On the other hand because the corrosion of NdFeB magnet shows as the not intercrystalline corrosion between the homophase, its corrosion motive power be principal phase and rich neodymium mutually, the chemical potential between the boron-rich phase is poor.The electrode potential of rich neodymium crystal boundary phase is-0.65V, become anode in primary cell, and the principal phase electrode potential is-0.515V, becomes the negative electrode of primary cell.Therefore, improve the electrode potential of crystal boundary phase, reduce that the corrosion potential between the homophase is not poor, just can avoid or weaken intercrystalline corrosion, the reduction corrosion electric current density.The magnet that utilizes of the present invention pair of alloyage to produce, crystal boundary itself is single-phase alloy mutually, the atmospheric corrosion that in melting, coarse crushing process, is subjected to relatively a little less than, and after adding specific modified metal, by handling, its crystal boundary is evenly distributed on around the principal phase mutually, improve the microstructure of crystal boundary phase, improve the electrode potential of crystal boundary phase simultaneously, and then improve the anti-corrosion capability of magnet.

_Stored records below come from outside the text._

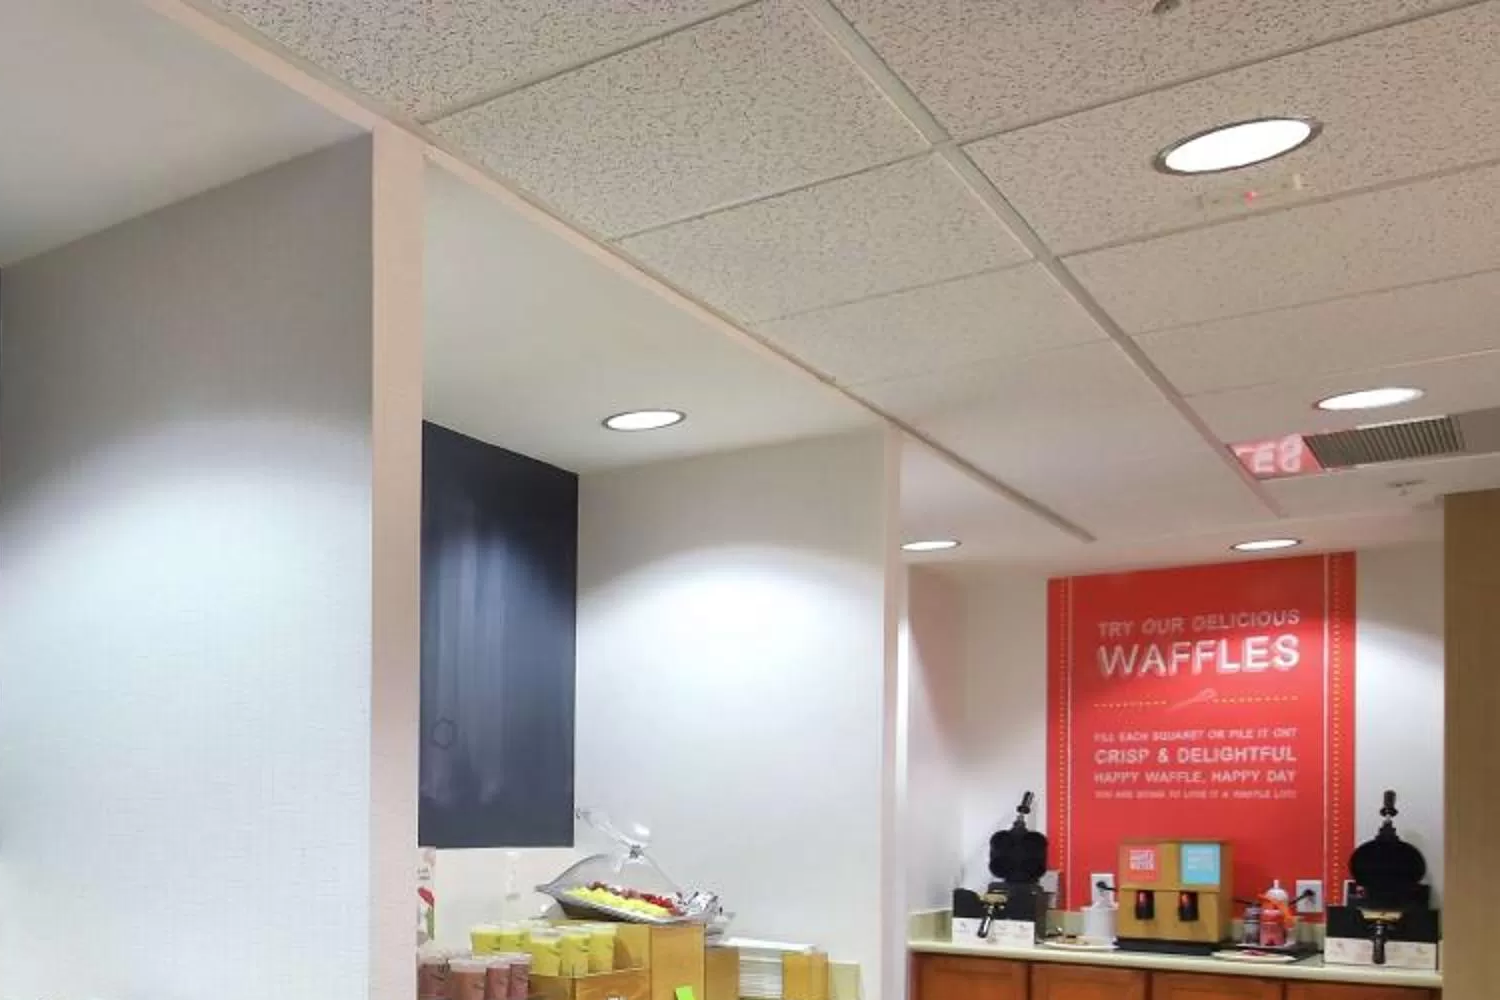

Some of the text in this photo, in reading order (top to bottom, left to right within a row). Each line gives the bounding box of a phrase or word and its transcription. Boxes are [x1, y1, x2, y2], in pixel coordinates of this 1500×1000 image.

[1098, 608, 1300, 638] TRY OUR DELICIOUS
[1096, 633, 1300, 678] WAFFLES
[1094, 745, 1297, 765] CRISP & DELIGHTFUL
[1094, 771, 1140, 785] HAPPY
[1211, 769, 1261, 783] HAPPY
[1266, 769, 1297, 783] DAY
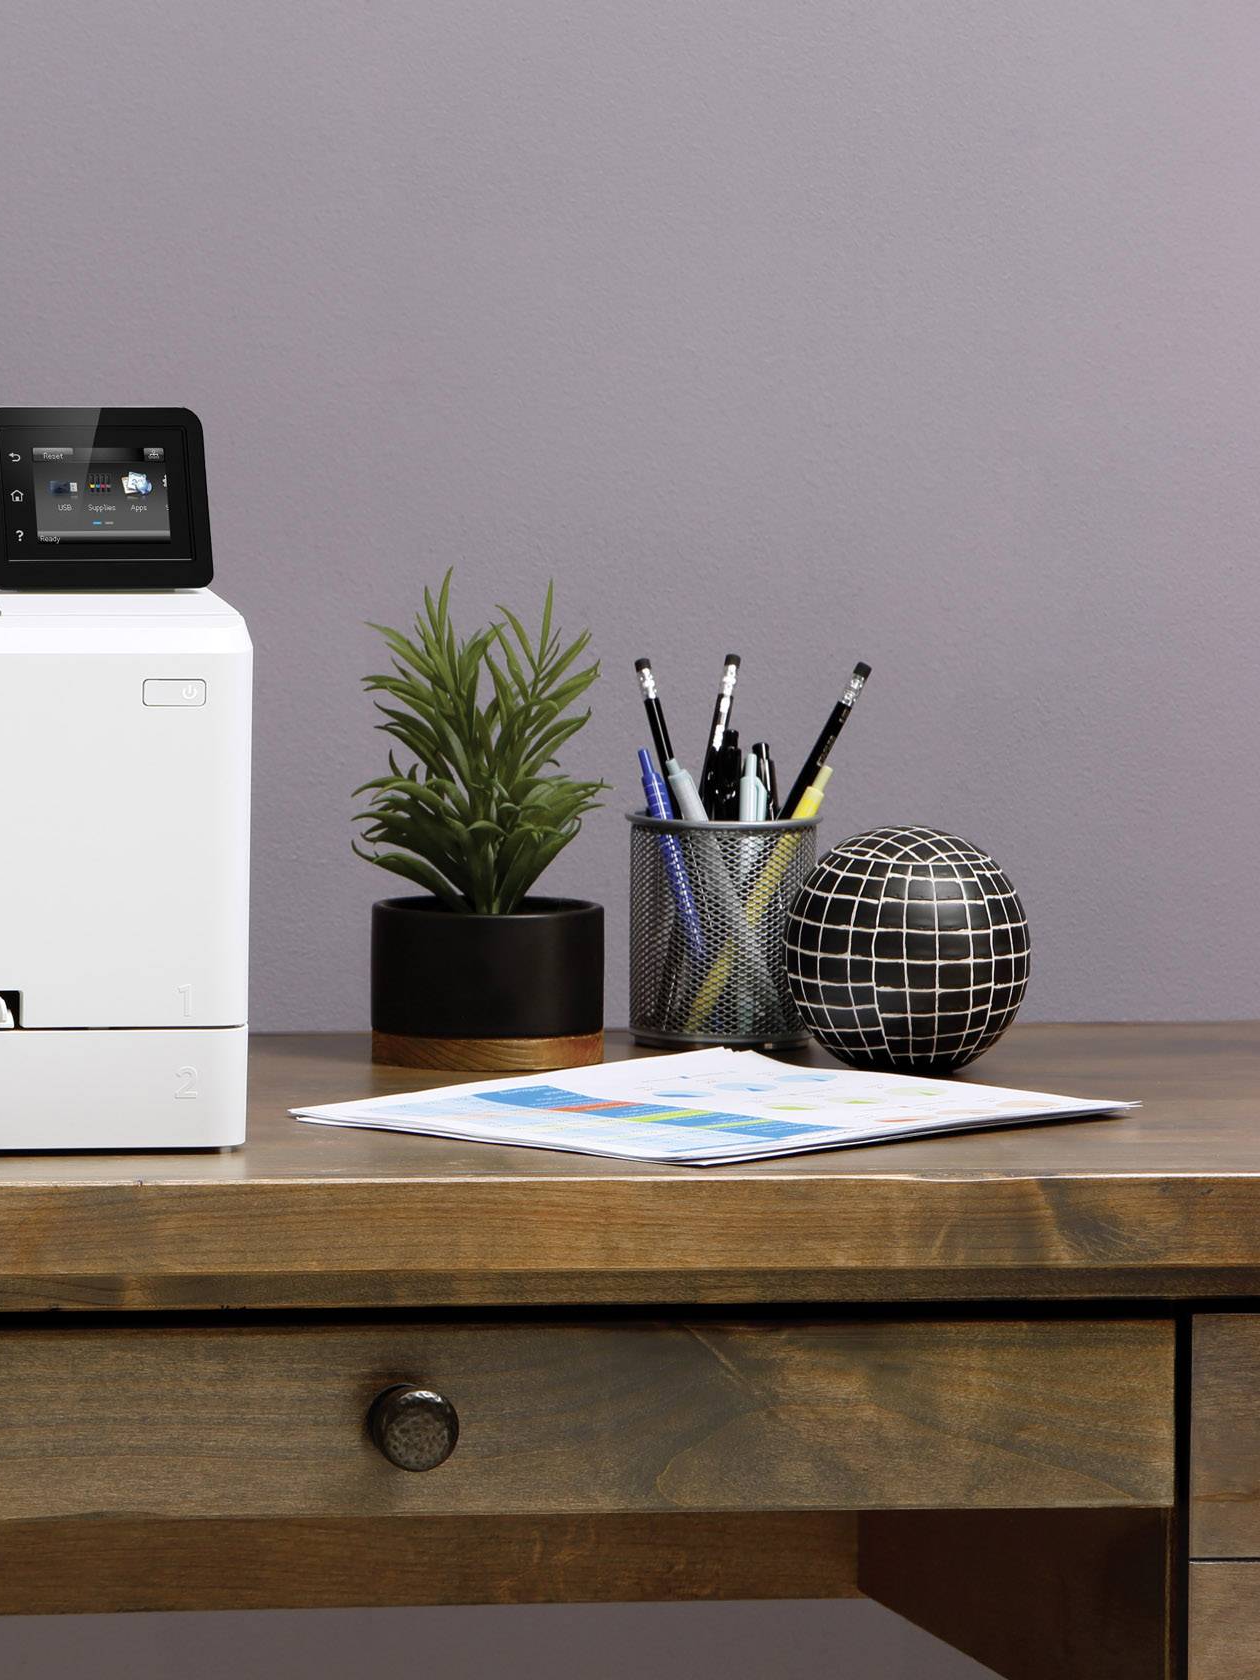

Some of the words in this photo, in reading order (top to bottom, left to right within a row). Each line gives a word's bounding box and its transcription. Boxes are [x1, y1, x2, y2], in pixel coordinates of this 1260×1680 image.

[42, 452, 64, 460] Reset
[57, 504, 73, 512] USB
[88, 503, 117, 513] Supplies
[130, 503, 148, 513] Apps
[39, 534, 61, 544] Ready
[177, 983, 193, 1017] 1
[174, 1065, 198, 1100] 2

The mixture of described main-phase alloy powder and nano modification crystal-boundary phase alloy powder can adopt that common method is pressed, sintering, obtains described permanent magnet.

In the powder process, can add gasoline to the mixture of described main-phase alloy powder and nano modification crystal-boundary phase alloy powder and evenly mix.

Particularly for example with nano modification crystal-boundary phase alloy powder and main-phase alloy powder, (be uniformly mixed into mixed-powder, wherein modification crystal-boundary phase alloy powder weight accounts for the 5-20% of total weight to gasoline, and gasoline accounts for the 0.5-5% of total weight;

Mixed-powder is the compression moulding blank in the magnetic field of 1.2-2.0T; Described magnetic field can also be other intensity, or pulsed magnetic field, as long as make particle with respect to its easy magnetizing axis orientation;

Moulded blank is put in the high vacuum sintering furnace,, made sintered magnet, pass through 500-650 ℃ of tempering 2-4h again, obtain described permanent magnet 1050-1125 ℃ of sintering 2-4h (for example put into and carry out sintering).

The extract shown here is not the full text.